Text in the records must be reproduced exactly, and pictures must be skipped.

════════

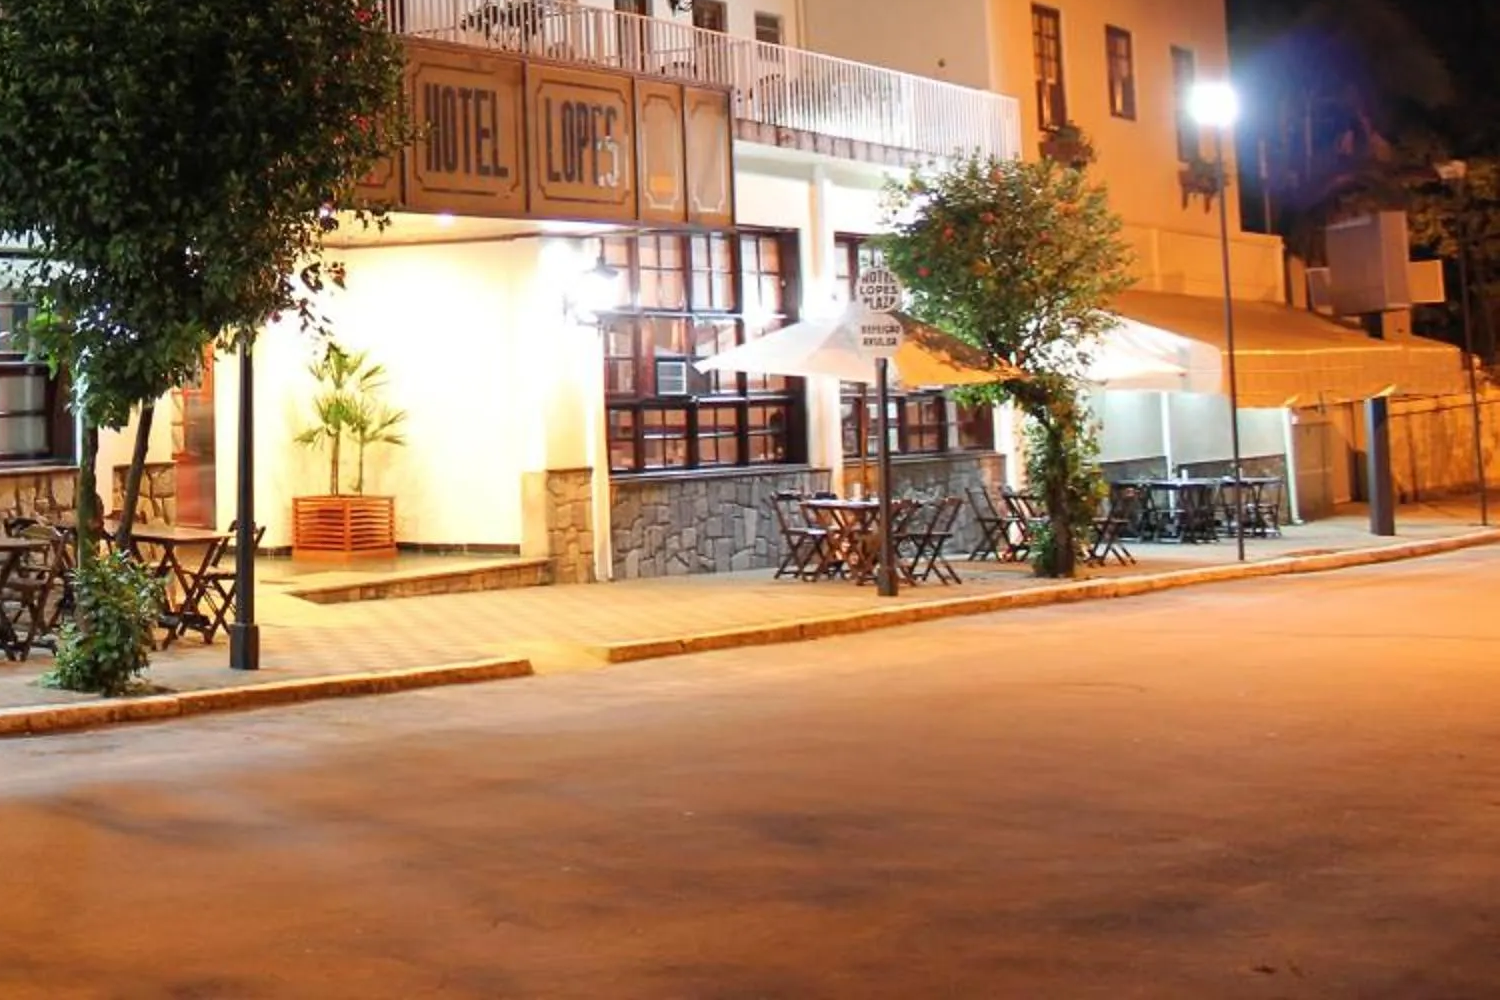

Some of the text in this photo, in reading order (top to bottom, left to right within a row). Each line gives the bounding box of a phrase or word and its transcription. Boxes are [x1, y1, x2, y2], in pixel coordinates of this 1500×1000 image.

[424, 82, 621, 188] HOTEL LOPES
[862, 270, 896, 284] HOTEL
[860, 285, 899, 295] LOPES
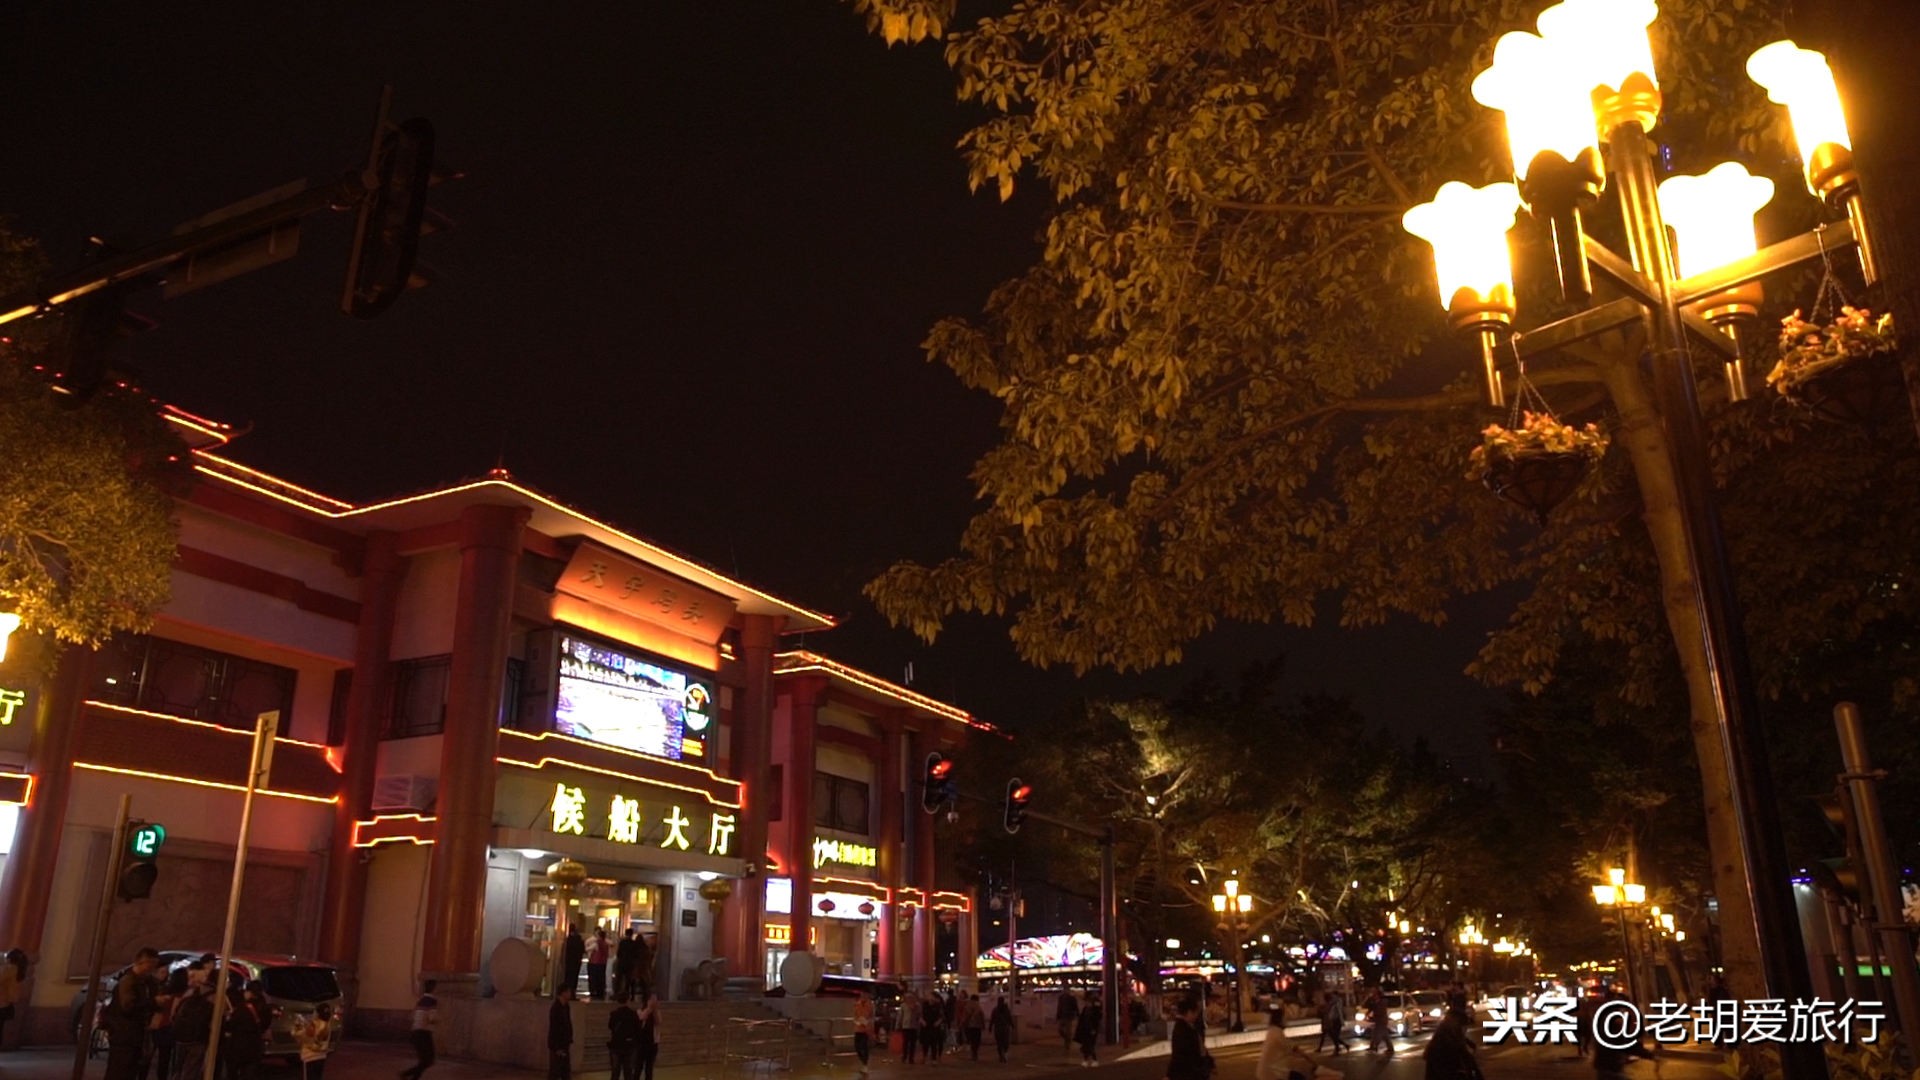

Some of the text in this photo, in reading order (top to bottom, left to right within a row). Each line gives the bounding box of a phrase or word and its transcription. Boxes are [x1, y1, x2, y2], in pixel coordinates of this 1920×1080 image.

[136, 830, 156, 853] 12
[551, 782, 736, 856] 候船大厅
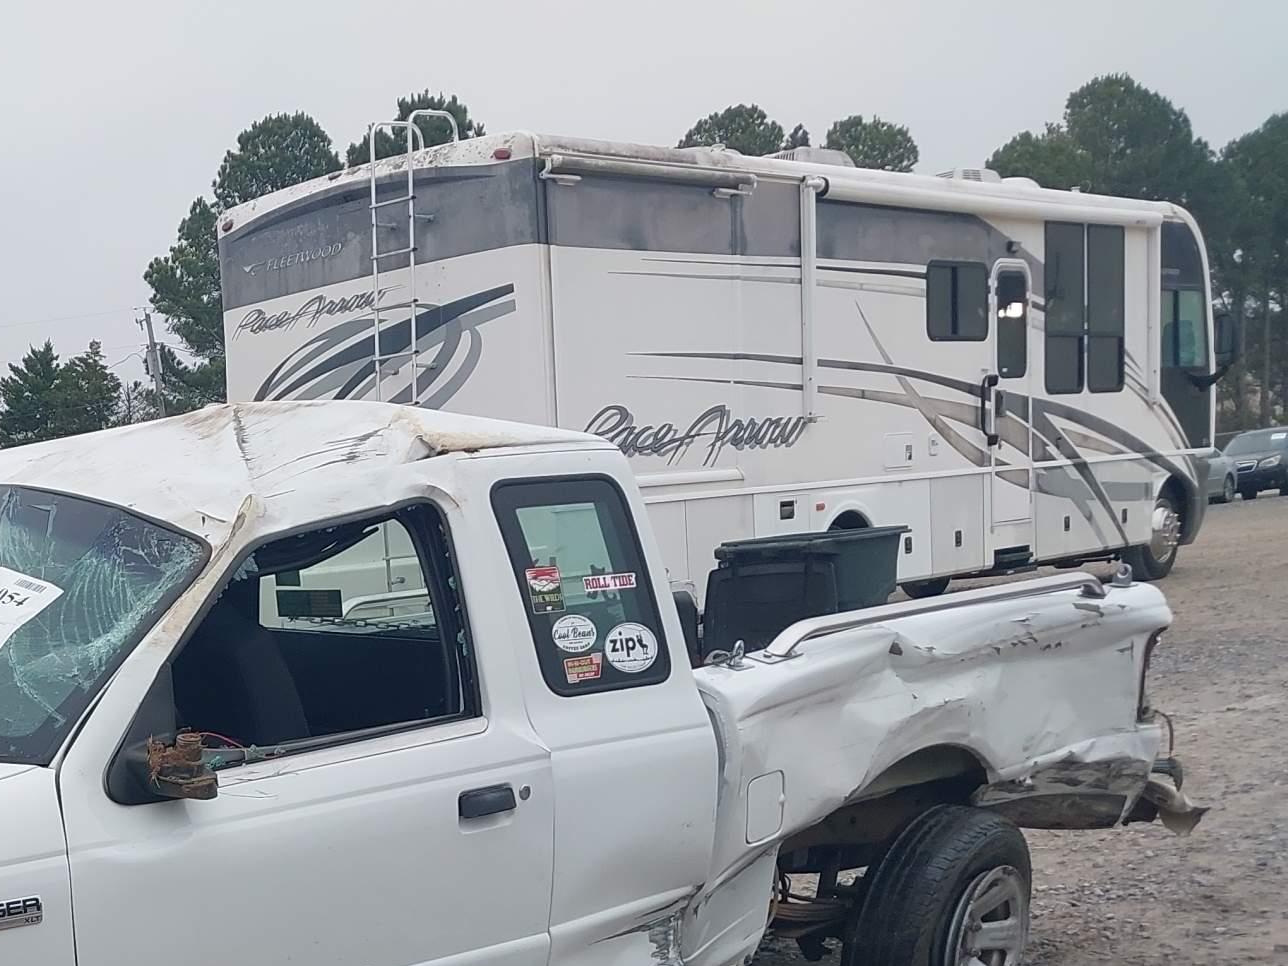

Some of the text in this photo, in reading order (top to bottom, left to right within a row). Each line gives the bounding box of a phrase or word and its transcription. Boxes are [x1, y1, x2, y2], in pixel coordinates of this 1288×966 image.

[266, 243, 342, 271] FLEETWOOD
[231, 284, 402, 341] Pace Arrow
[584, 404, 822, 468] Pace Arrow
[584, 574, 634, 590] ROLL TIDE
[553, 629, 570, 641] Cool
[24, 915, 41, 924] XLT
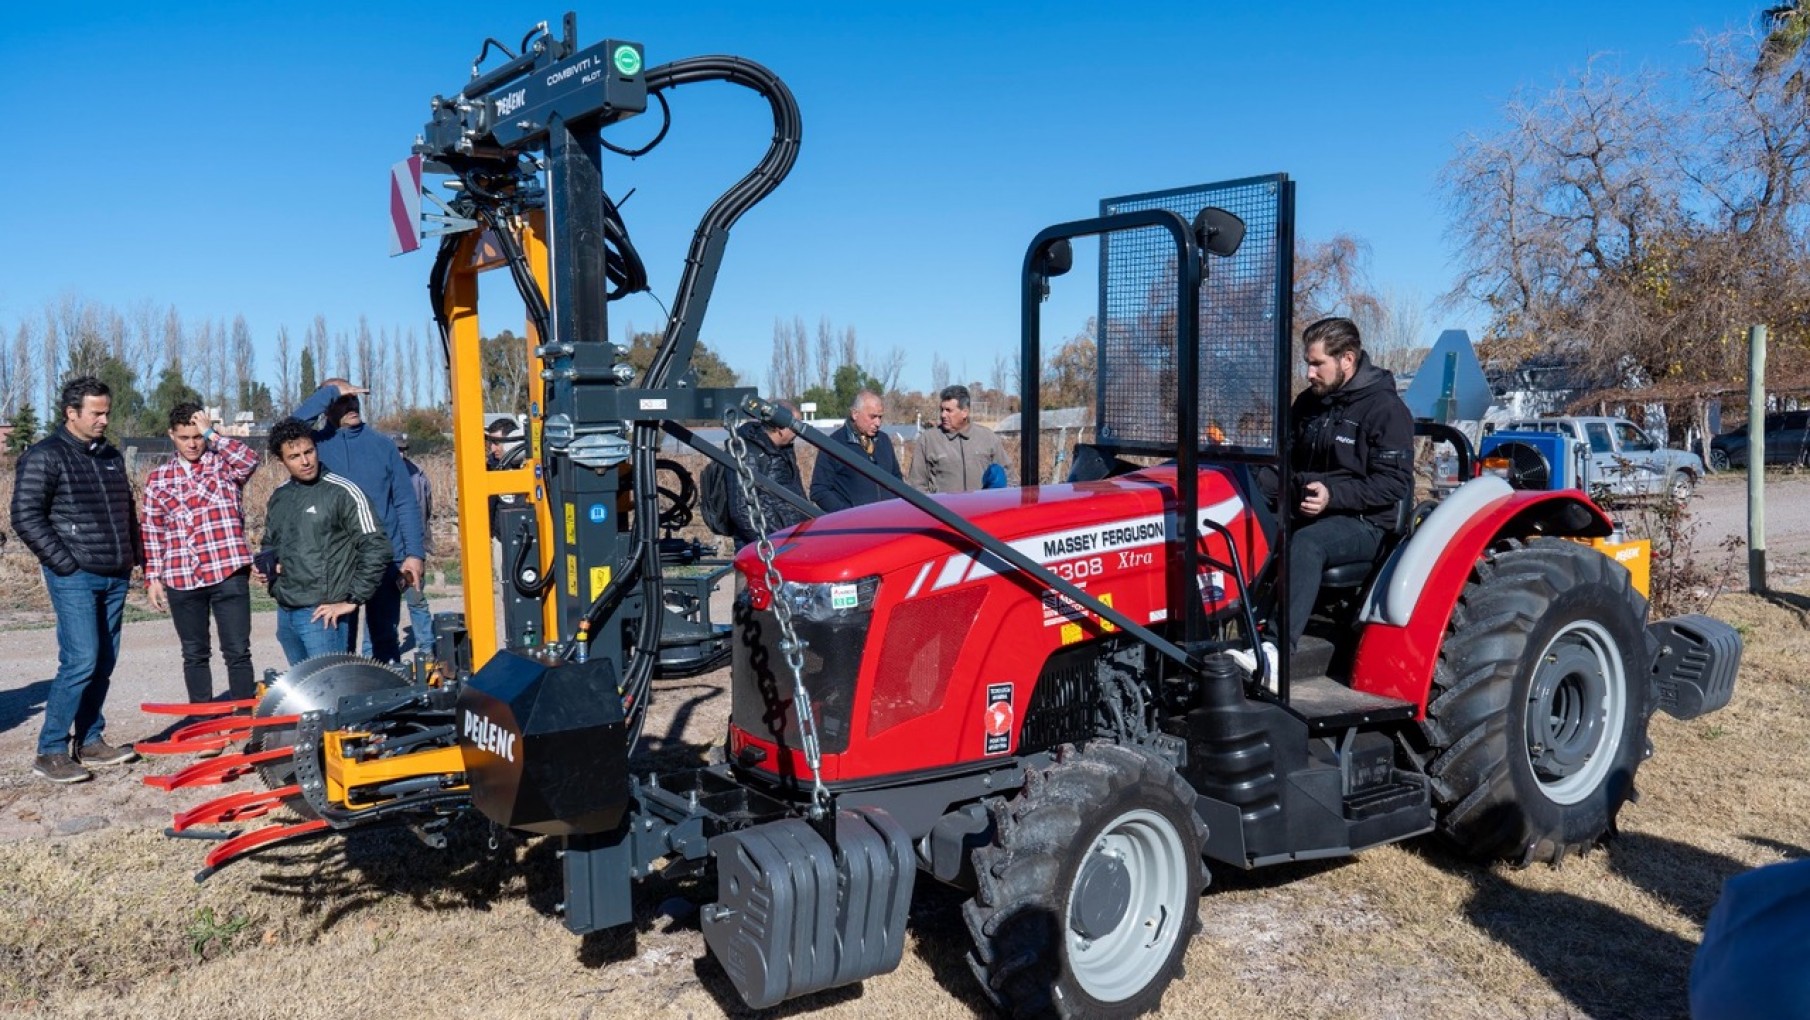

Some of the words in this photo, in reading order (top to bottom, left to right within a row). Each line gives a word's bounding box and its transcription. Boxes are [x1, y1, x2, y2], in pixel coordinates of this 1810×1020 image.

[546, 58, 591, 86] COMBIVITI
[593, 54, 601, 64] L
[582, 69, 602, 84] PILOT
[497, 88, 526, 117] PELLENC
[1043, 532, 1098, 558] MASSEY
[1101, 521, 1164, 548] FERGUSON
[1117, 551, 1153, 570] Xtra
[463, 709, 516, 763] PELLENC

════════

Answer section:
Some of the text in this photo, in reading order (top to bottom, left to right within a row). Each line gives the bounding box of a phrase or word and its transcription. Boxes are [x1, y1, x2, y2], in pixel coordinates of this 1500×1000 image.

[424, 82, 621, 188] HOTEL LOPES
[862, 270, 896, 284] HOTEL
[860, 285, 899, 295] LOPES

Some of the text in this photo, in reading order (top to bottom, left to right within a row). Each line gives the bounding box of a phrase or word and its transcription. Boxes are [x1, y1, x2, y2], in pixel coordinates of this 1920×1080 image.

[136, 830, 156, 853] 12
[551, 782, 736, 856] 候船大厅

Some of the text in this photo, in reading order (top to bottom, left to right within a row). Each line gives the bounding box of a phrase or word and its transcription. Boxes are [x1, y1, x2, y2], in pixel coordinates of this 1288×966 image.

[266, 243, 342, 271] FLEETWOOD
[231, 284, 402, 341] Pace Arrow
[584, 404, 822, 468] Pace Arrow
[584, 574, 634, 590] ROLL TIDE
[553, 629, 570, 641] Cool
[24, 915, 41, 924] XLT

Some of the words in this photo, in reading order (top to bottom, left to right within a row). Each line gives a word's bounding box and its transcription. Boxes are [x1, y1, x2, y2], in pixel coordinates of this 1810×1020 image.

[546, 58, 591, 86] COMBIVITI
[593, 54, 601, 64] L
[582, 69, 602, 84] PILOT
[497, 88, 526, 117] PELLENC
[1043, 532, 1098, 558] MASSEY
[1101, 521, 1164, 548] FERGUSON
[1117, 551, 1153, 570] Xtra
[463, 709, 516, 763] PELLENC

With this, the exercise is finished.